REQUIRED WORK:
Through to the final line, write out the records below exactly, omitting any images they contain.

RAW DATA:

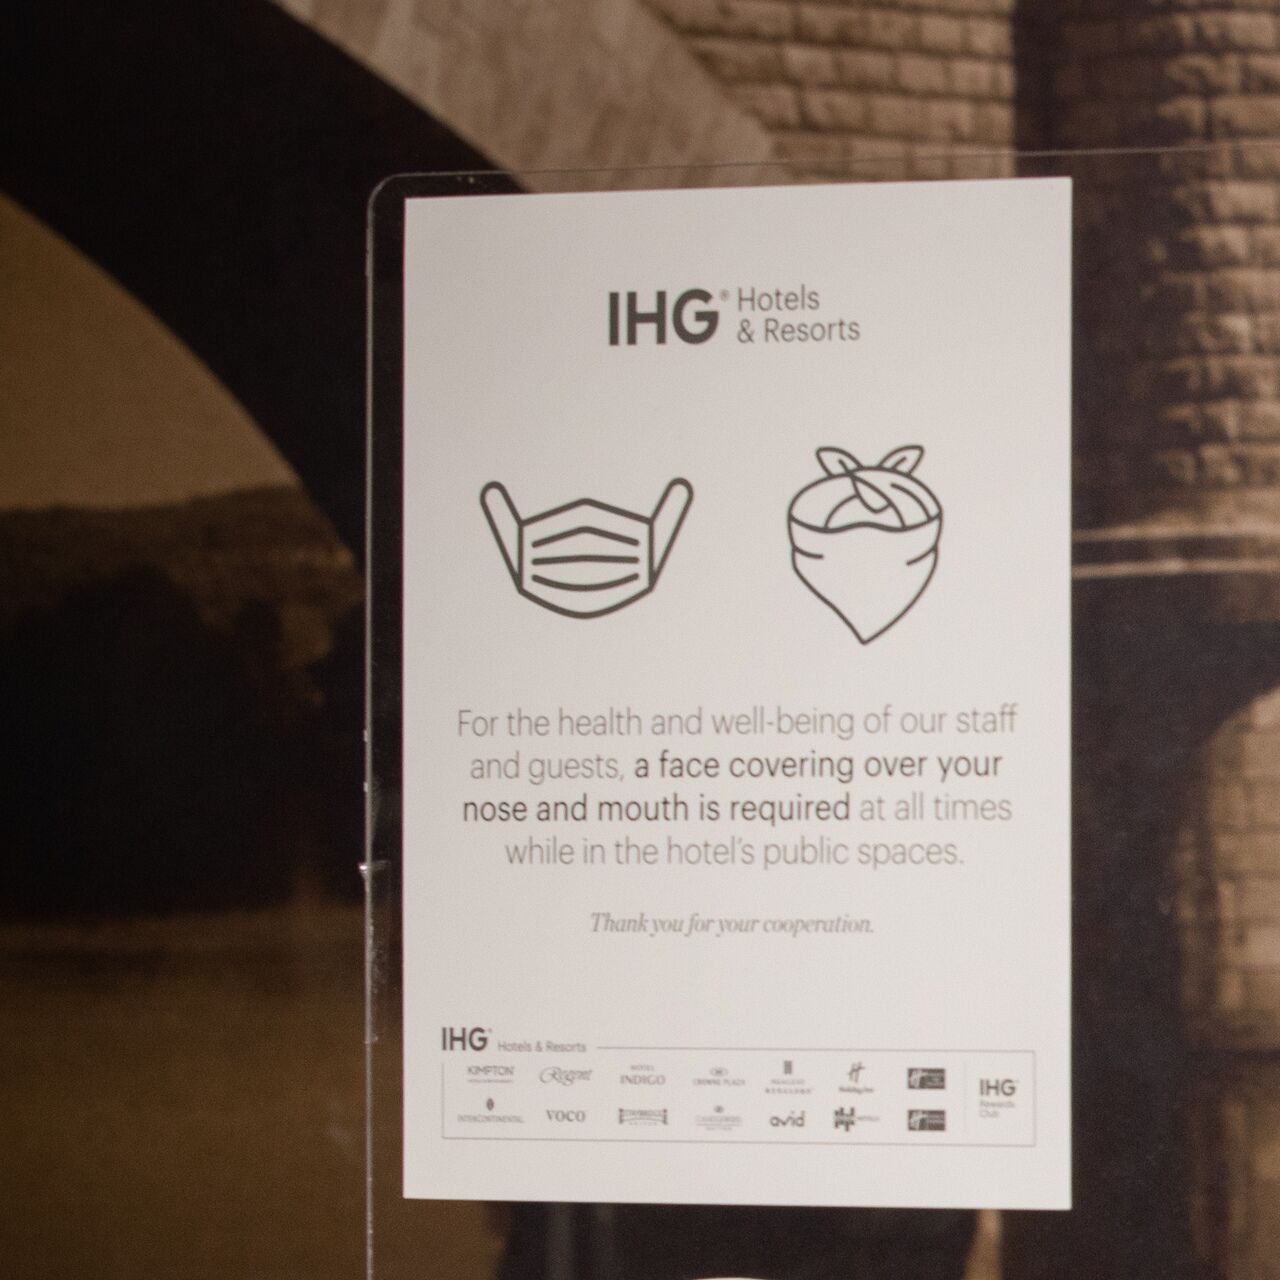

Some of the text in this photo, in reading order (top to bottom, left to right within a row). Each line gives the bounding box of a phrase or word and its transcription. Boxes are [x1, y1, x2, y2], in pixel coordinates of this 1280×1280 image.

[738, 284, 820, 311] Hotels
[737, 318, 860, 343] & Resorts
[458, 703, 1018, 741] For the health and well-being of our staff
[470, 749, 1002, 785] and guests, a face covering over your
[464, 791, 1012, 826] nose and mouth is required at all times
[505, 835, 964, 870] while in the hotel's public spaces.
[591, 912, 874, 938] Thank you for your cooperation.
[498, 1041, 532, 1052] Hotels
[535, 1041, 543, 1052] &
[546, 1041, 586, 1052] Resorts
[620, 1075, 666, 1085] INDIGO
[770, 1111, 805, 1127] avid
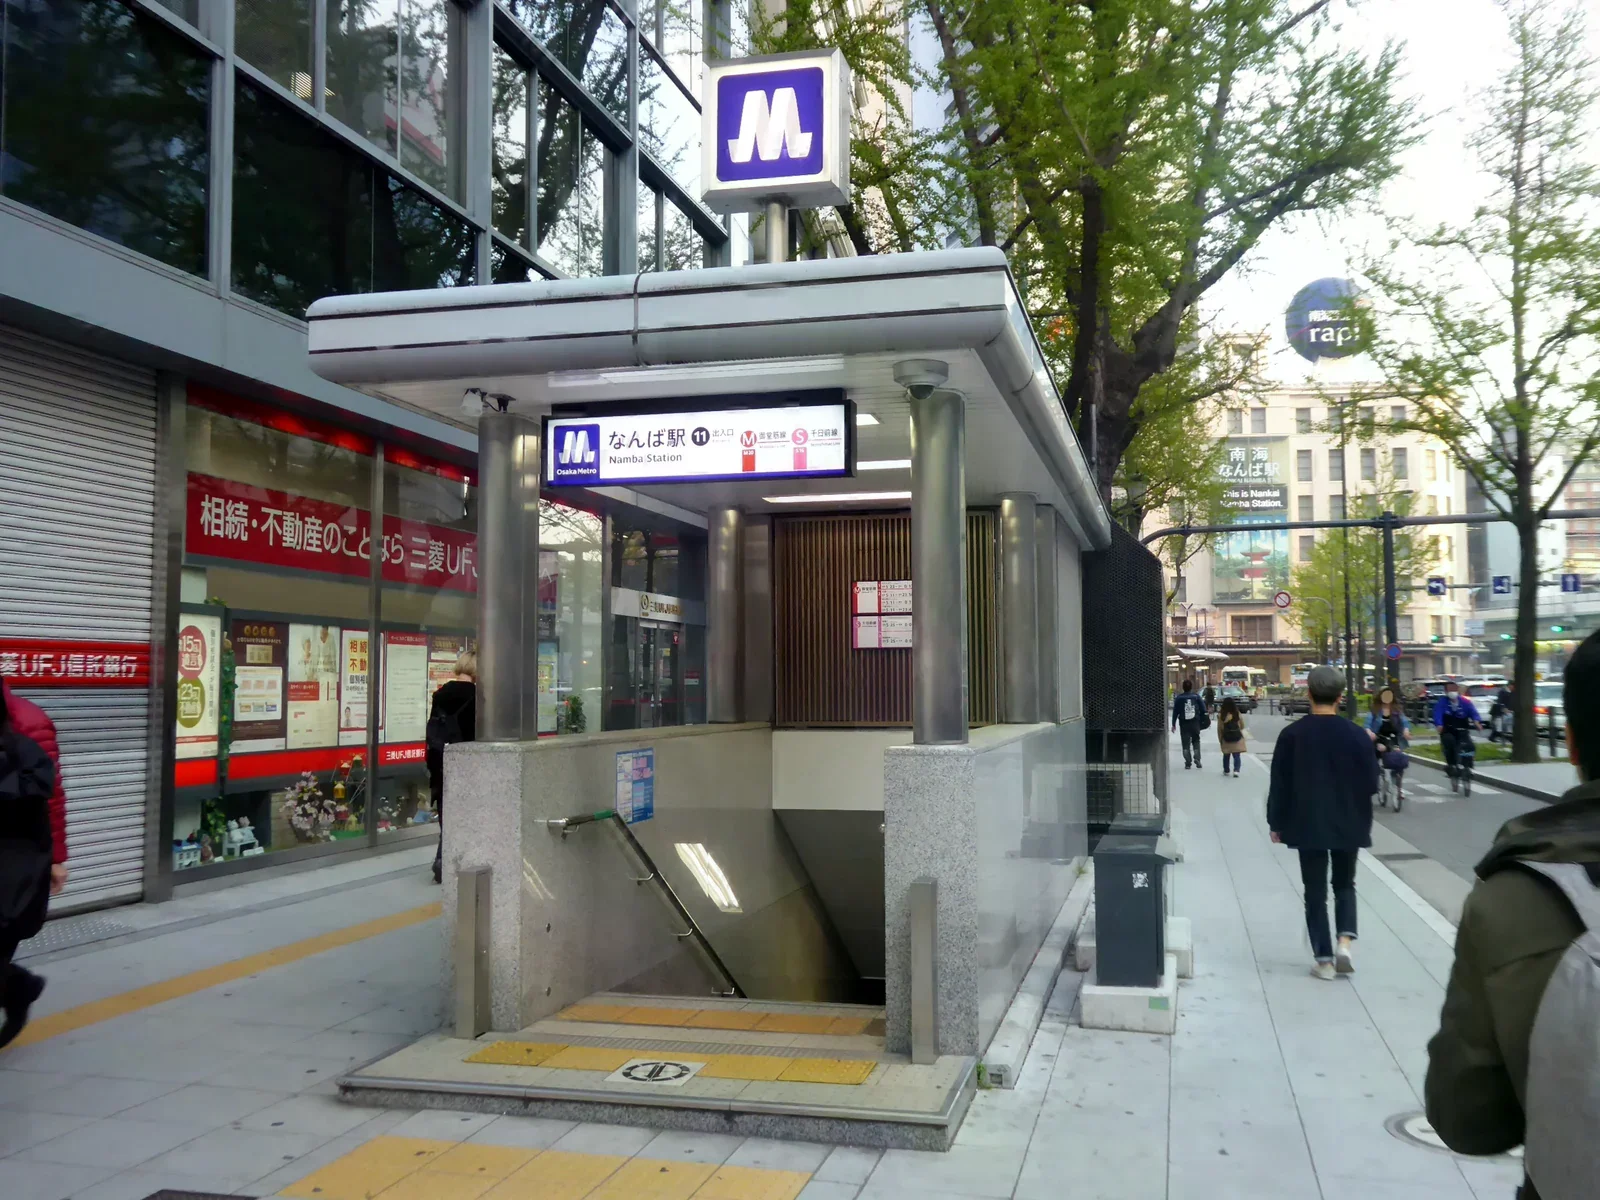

SOLUTION:
Some of the text in this photo, in reading order (top to bottom, left to right within a row). Each line gives the bounding box of a phrase or word and its transcription. Boxes are [x1, y1, x2, y2], in pixel coordinates of this 1280×1280 image.

[738, 284, 820, 311] Hotels
[737, 318, 860, 343] & Resorts
[458, 703, 1018, 741] For the health and well-being of our staff
[470, 749, 1002, 785] and guests, a face covering over your
[464, 791, 1012, 826] nose and mouth is required at all times
[505, 835, 964, 870] while in the hotel's public spaces.
[591, 912, 874, 938] Thank you for your cooperation.
[498, 1041, 532, 1052] Hotels
[535, 1041, 543, 1052] &
[546, 1041, 586, 1052] Resorts
[620, 1075, 666, 1085] INDIGO
[770, 1111, 805, 1127] avid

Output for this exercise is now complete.